Navegando en un mar picual

Carlos del Moral Sáez

Mi padre era de Jaén. Nació, para ser exacto, en Cabra del Santo Cristo. En alguno de los momentos me contaba lo bien que lo pasaba en aquel pueblo tan pequeño, y tan apartado de cualquier resquicio urbano. Un pueblo de serranía muy frío en invierno y menos frío en verano. Mi padre nació porque un bebé que esperaba mi abuela Doña Luisa Ollero Hierro, no llegó a nacer. Lo perdió a los pocos meses de estar embarazada. Mi padre ya llegó por albur al mundo que lo llevaría de aquí para allá, hasta encontrar su lugar fijo, no sin dejar de soñar con fronteras desdibujadas en sus esperanzas, que viajaban, como la rama del olivo, volando más allá de sus horizontes.

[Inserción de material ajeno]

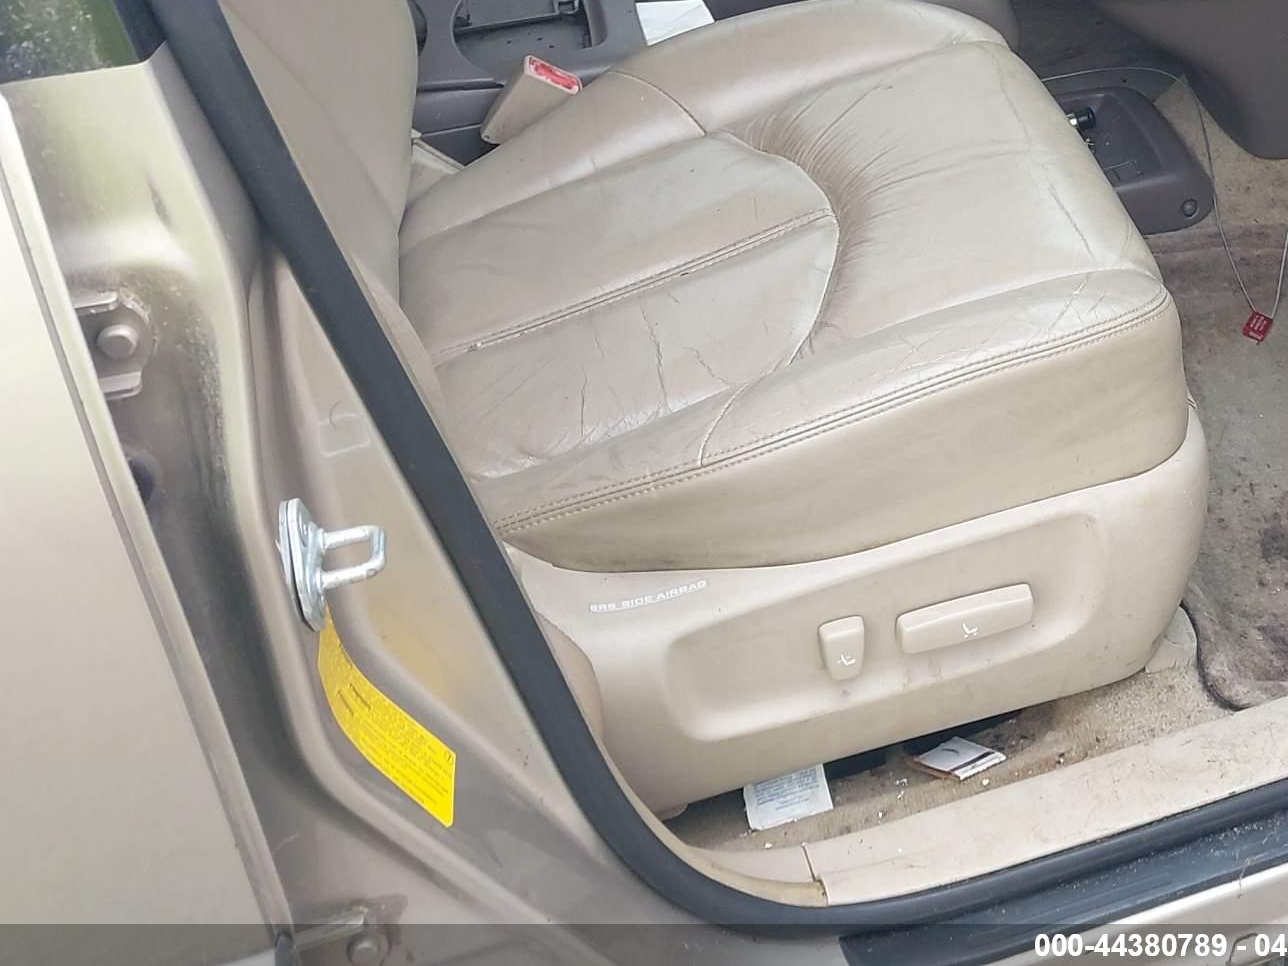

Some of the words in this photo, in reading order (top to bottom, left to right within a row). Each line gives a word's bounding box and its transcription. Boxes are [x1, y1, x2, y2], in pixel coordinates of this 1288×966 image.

[589, 602, 617, 612] SRS
[622, 595, 653, 608] SIDE
[656, 579, 707, 601] AIRBAG

Entre sus historias de aquel pueblo, recuerdo la de un peluquero que jamás me cortó el pelo, pero al que todos llamaban “El Paparrón”. Parece ser que todos los niños llevaban el corte de pelo a tazón, algo que tiempo después pondrían de moda The Beatles. También existía un niño con kilos de más, al que todos llamaban “El Bolas”; este niño era capaz de provocar olas muy parecidas a las del mar con el movimiento de las carnes de su barriga.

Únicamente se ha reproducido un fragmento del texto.